Saturday, December 12, 2009

Post op

Do you ever feel a bit freakish? You know, a little different from the crowd. Like you wore red on brown day? Well, I don't feel freakish, I am freakish. I have a regular family. One wife. A girl and a boy. I work a normal job. Construction pays my bills. I'm a regular dude...with electronics poking out of his head. But oddly this has never bothered me and probably never will. I'll admit I get a bit of a kick out of people staring at me while I'm checking out at the store. In my case, being a freak is a good thing. (what ever happened to Martha Stewart?)

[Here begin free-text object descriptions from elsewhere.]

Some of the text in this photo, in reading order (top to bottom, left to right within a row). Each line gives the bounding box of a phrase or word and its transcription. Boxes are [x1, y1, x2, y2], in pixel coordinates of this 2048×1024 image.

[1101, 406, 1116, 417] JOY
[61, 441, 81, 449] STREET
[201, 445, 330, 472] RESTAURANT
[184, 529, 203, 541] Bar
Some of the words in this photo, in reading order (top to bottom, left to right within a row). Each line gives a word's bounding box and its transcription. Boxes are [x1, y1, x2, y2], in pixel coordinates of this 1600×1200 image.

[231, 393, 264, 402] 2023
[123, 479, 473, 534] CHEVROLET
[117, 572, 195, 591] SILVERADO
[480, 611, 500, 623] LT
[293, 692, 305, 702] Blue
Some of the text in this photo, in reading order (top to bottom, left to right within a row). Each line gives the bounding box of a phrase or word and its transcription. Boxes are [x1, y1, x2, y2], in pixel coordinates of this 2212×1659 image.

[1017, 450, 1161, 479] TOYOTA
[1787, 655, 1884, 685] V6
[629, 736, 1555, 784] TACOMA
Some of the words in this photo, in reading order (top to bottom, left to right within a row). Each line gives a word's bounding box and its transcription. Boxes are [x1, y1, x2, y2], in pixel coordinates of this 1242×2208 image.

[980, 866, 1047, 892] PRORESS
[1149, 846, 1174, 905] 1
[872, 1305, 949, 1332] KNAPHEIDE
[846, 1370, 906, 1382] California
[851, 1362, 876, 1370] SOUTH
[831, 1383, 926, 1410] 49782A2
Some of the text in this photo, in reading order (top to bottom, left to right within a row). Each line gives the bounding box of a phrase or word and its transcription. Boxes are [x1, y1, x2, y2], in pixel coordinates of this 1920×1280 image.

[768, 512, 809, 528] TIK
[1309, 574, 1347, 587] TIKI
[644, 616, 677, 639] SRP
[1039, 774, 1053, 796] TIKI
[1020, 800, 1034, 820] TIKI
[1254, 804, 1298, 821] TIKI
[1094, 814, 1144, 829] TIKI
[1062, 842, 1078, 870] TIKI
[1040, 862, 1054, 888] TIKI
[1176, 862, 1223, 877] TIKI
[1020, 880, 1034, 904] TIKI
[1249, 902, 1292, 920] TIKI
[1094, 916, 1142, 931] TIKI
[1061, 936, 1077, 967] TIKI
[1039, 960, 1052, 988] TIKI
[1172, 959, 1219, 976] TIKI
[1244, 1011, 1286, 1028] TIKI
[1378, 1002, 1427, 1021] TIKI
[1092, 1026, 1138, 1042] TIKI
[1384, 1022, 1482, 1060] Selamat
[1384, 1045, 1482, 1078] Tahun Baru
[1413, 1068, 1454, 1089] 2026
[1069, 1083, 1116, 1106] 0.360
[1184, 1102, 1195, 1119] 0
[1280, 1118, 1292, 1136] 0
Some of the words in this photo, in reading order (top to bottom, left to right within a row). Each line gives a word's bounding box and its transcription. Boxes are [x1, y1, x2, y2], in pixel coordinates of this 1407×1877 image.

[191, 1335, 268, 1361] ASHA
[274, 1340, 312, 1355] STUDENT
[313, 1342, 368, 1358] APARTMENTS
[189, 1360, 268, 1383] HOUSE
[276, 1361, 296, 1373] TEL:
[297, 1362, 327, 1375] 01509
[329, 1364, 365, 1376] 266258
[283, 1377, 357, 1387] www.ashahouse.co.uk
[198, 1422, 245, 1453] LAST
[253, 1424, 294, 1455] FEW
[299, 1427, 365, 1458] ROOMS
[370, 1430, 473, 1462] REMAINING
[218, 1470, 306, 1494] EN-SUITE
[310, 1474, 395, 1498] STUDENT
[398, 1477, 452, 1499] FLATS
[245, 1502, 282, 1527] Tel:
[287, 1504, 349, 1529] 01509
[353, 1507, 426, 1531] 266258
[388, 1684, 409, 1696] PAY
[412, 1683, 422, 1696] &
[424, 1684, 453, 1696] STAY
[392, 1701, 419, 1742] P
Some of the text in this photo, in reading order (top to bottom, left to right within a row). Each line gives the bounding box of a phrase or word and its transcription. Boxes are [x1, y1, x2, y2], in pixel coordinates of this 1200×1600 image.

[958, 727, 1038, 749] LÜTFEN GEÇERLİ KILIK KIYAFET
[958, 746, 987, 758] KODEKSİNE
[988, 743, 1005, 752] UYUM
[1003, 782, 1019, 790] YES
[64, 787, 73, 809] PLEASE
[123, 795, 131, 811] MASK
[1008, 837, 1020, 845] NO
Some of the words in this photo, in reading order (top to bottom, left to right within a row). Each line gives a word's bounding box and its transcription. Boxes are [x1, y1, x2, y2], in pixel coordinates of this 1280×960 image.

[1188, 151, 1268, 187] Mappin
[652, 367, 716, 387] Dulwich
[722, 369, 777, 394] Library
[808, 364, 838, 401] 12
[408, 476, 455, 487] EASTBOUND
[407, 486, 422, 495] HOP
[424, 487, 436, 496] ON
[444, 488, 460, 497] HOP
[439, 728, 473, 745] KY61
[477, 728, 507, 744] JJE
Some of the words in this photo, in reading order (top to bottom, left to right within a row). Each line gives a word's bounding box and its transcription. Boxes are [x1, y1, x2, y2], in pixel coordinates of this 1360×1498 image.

So...I started to lose my hearing around age 13. No known cause. Nerve damage. I'm just one of those lucky bastards that wins one of life's lotteries every now and then. I've worn just about every type of hearing aid at one time or another...they range from tiny to "oh my lord"! Around my mid 20's my ears broke more than a normal aid could fix. Fear not....they've got an app for that. So I got implanted with my first CI (cochlear implant) in April of 2006. With a little rehab (my wife tirelessly reading words to me) I was back to talking on the phone and being a sarcastic pain in everyones butt in no time.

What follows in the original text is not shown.